The 5 HIV-1 encoded pre-miRNA candidates can in principle yield 10 mature vmiRNAs. To ask, whether these putative vmiRNAs, if expressed in infected cells, could be used by HIV-1 to modulate host cell gene expression profiles (i.e. suppress the translatability of cellular mRNAs), we checked each vmiRNA sequence against a 3'UTR database for human genes. Because the exact rules governing suppression of translation based on miRNA complementarity to 3' UTR remain unclear, we collected all "hits" that had 6 or fewer mismatches with an additional constraint that the 5'-most nucleotide of the vmiRNA cannot be mis-matched with the target sequence. Surprisingly, based on the above criteria, a very large number of cellular targets were found (Figure 2). On average, it is suggested that each vmiRNA could target 50 to 100 cellular RNAs. If all 10 vmiRNAs were functionally competent, this would argue that HIV-1 could potentially modulate the expression of 500 to 1,000 cellular transcripts using this mechanism. Intriguingly, in the setting where a limited number of mis-matches are permitted, the same vmiRNA apparently can target functionally distant cellular proteins such as IkB-kinase-β and proteasome 26S subunit or macrophage colony-stimulating factor M-CSF and CDC42 effector protein 1 (Figure 2). This suggests that vmiRNAs could pleiotropically affect the expression pattern of cellular proteins.

Figure 2

Potential cellular targets for each of the vmiRNAs. The two deduced mature vmiRNAs predicted from each precursor miRNA are shown. The mature vmiRNA sequences were individually searched against a database of human 3'UTRs using imperfect complementarity criteria as described in the text. The number of potential candidate cellular RNA targets is enumerated. Most of the cellular targets are incompletely characterized expressed sequence tag (EST) clones, with a subset of targets being known genes. For each predicted vmiRNA, we list two examples of known cellular gene targets at the right. A full list of targets is available upon request.

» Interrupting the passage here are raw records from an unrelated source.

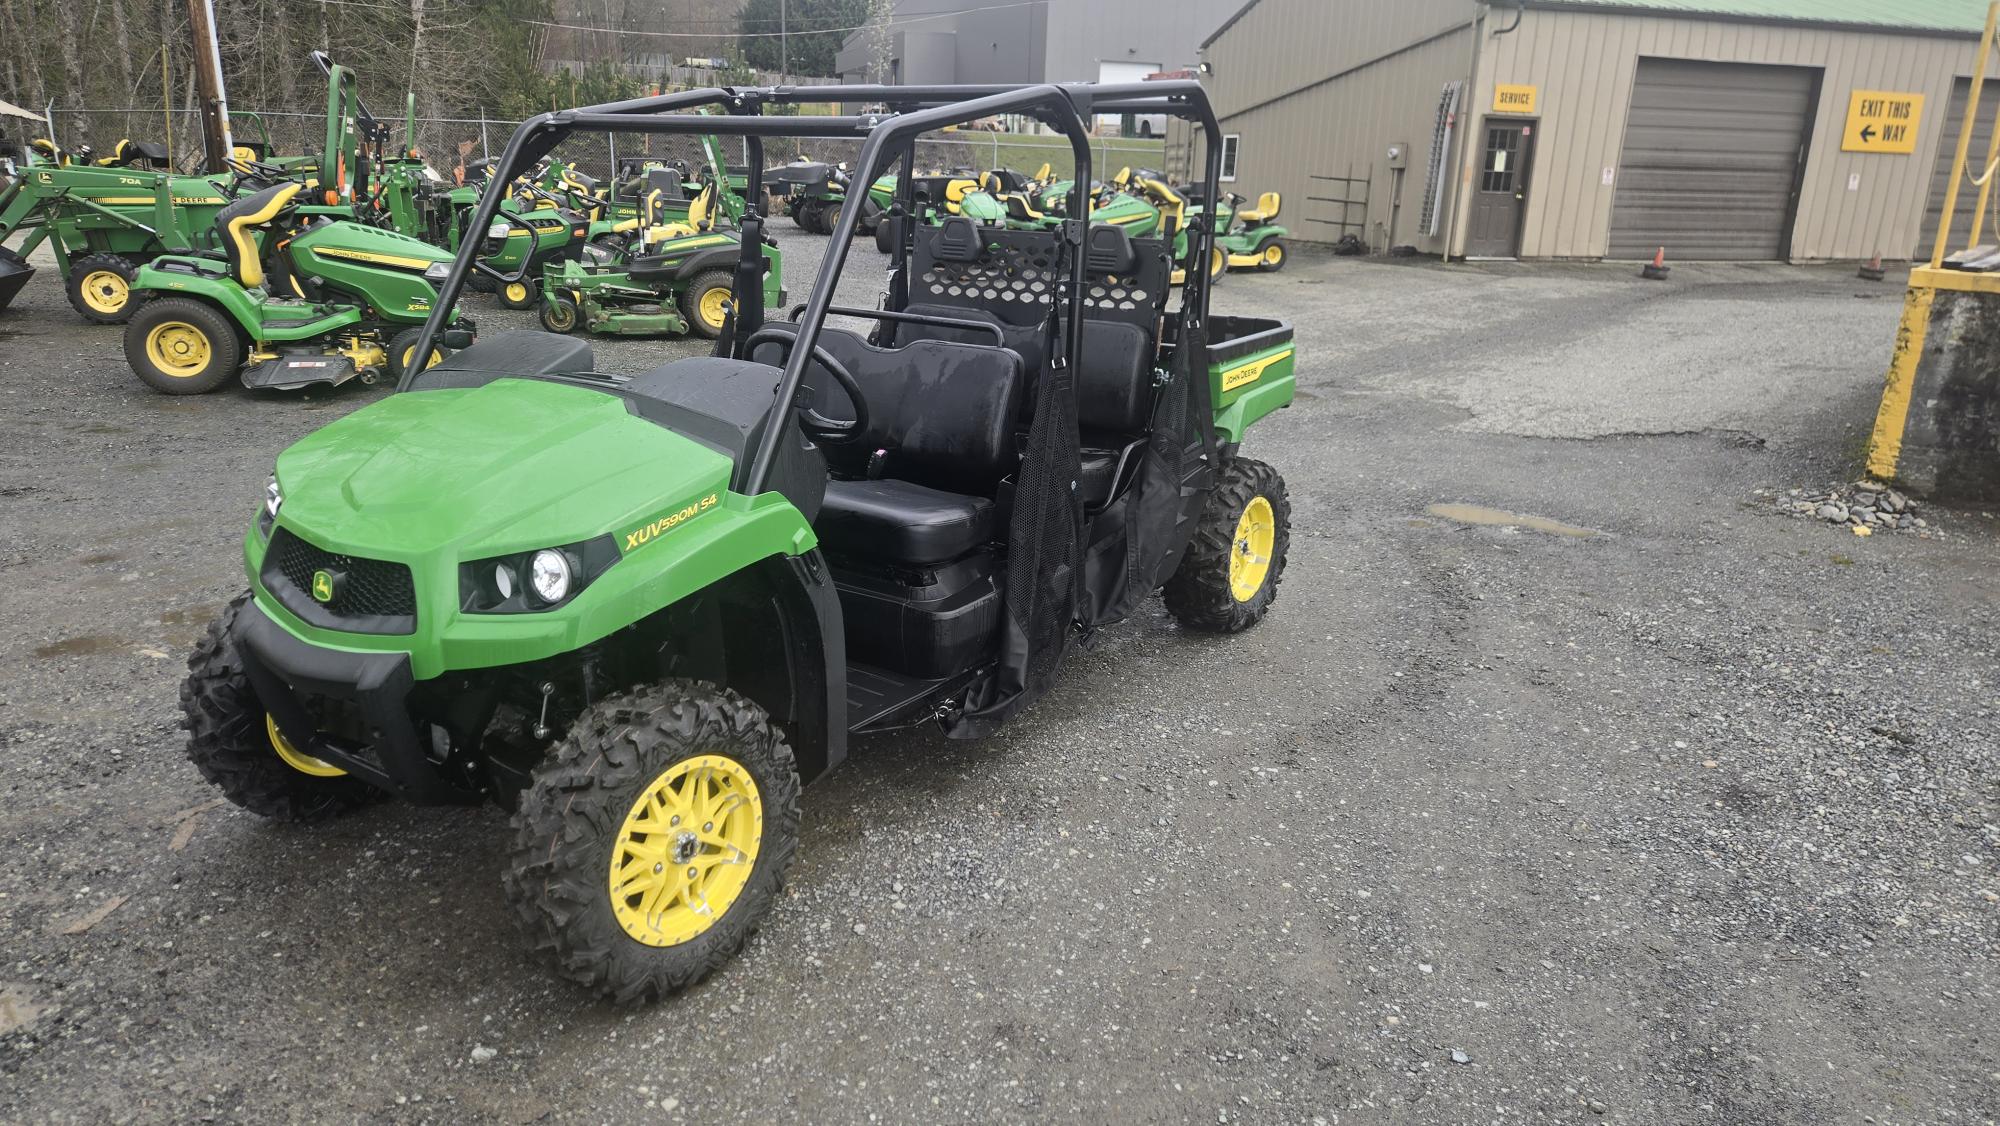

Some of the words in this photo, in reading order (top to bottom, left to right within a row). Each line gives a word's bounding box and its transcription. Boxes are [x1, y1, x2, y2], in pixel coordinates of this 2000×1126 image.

[1500, 92, 1530, 104] SERVICE
[1860, 99, 1884, 118] EXIT
[1888, 101, 1911, 119] THIS
[1882, 124, 1906, 142] WAY
[120, 178, 142, 186] 70A
[1226, 375, 1240, 385] JOHN
[1240, 367, 1258, 379] DEERE
[624, 502, 698, 552] XUV590M
[700, 494, 718, 510] S4
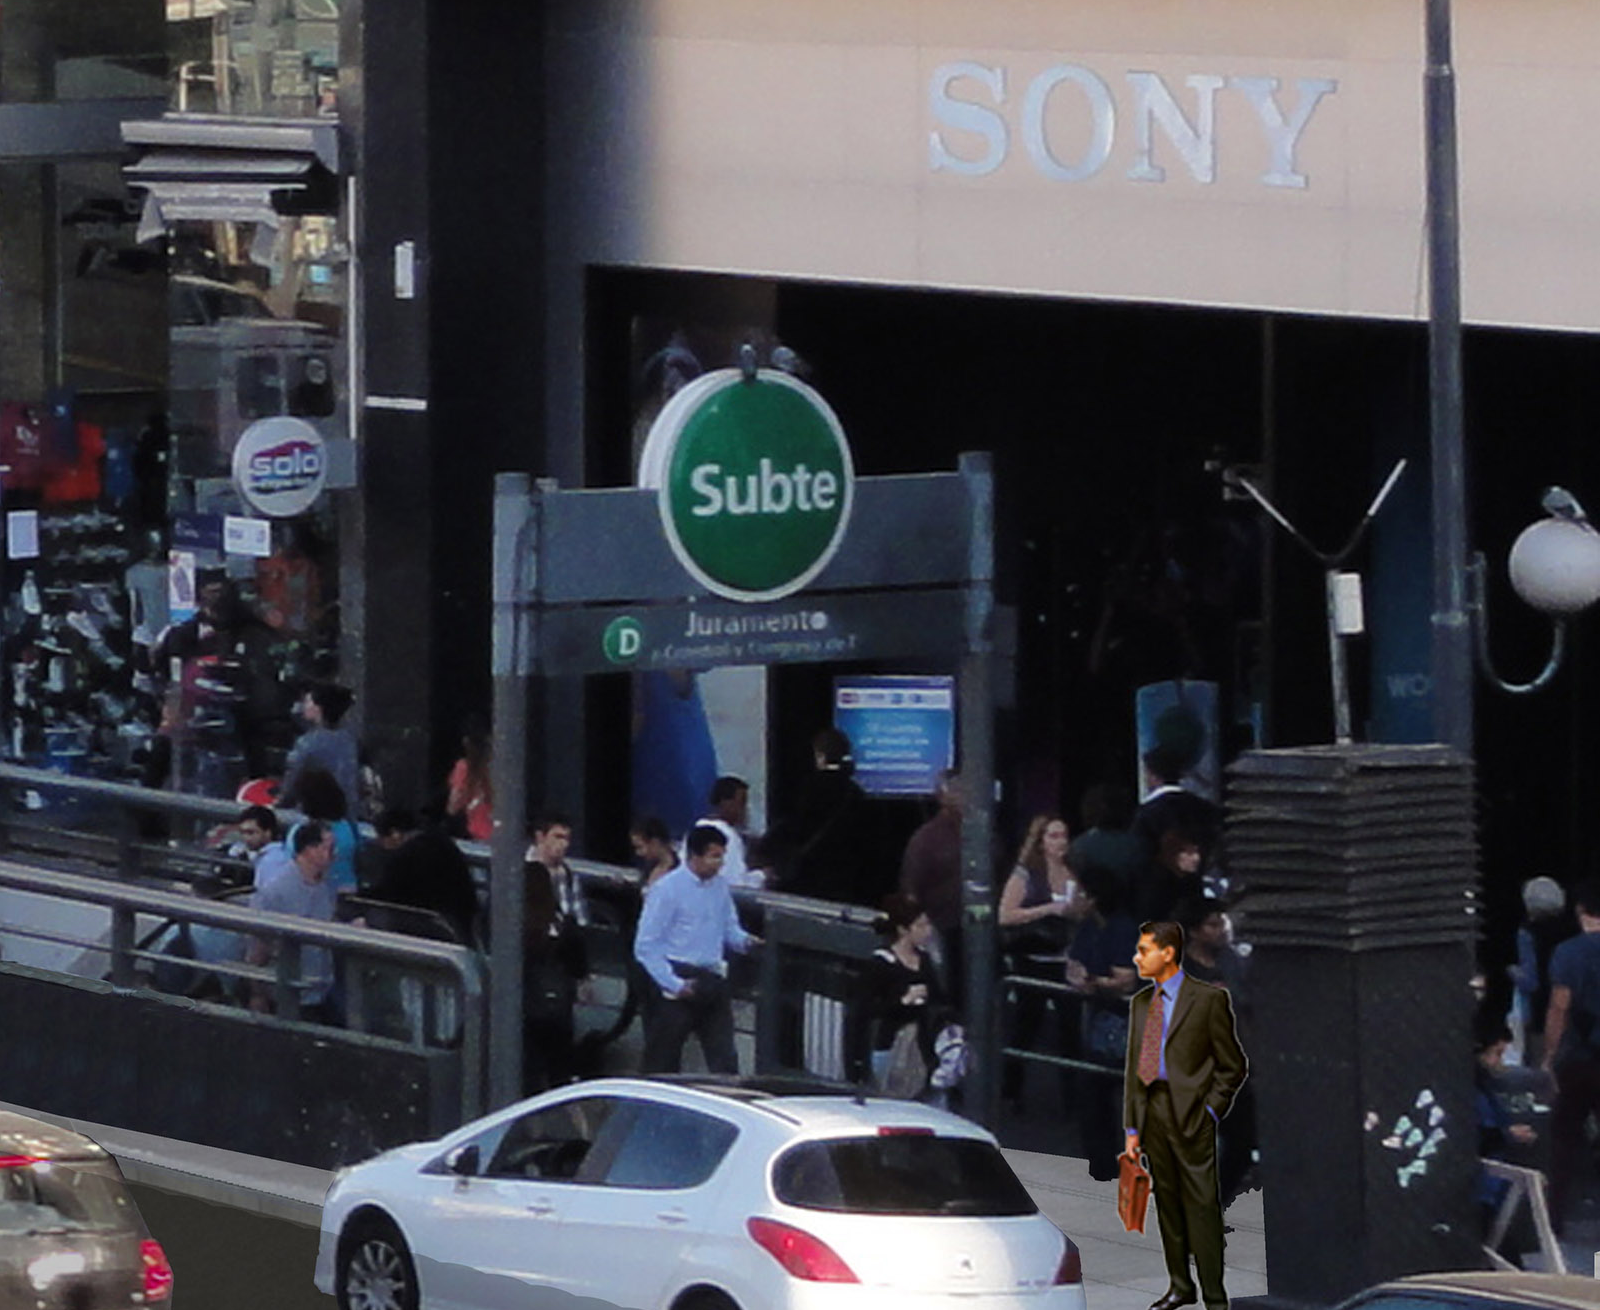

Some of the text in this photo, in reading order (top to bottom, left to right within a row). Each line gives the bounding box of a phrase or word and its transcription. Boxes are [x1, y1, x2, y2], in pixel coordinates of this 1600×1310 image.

Here, we introduce the concept that the HIV genome could reasonably encode 5 candidate pre-miRNAs. We further suggest that a large number of cellular transcripts could potentially be targeted if these 5 pre-miRNAs were processed into 10 predicted mature vmiRNAs (Figure 2). Studies are in progress to verify experimentally the expression of our candidate vmiRNAs in HIV-1 infected cells. If HIV-1 encoded vmiRNA candidates can be shown to be functional, their action could, in part, explain the frequently observed landscape changes in host cell gene expression profiles during HIV-1 infection as revealed by micro-array studies [16]. We are also currently examining how vmiRNAs might additionally affect HIV-1 gene expression.

Competing interests

The authors declare that they have no competing interests.

Authors' contributions

YB and KTJ conceived of the ideas and wrote the paper. SYL did the computation work for the study. MLY participated in the discussion of the data.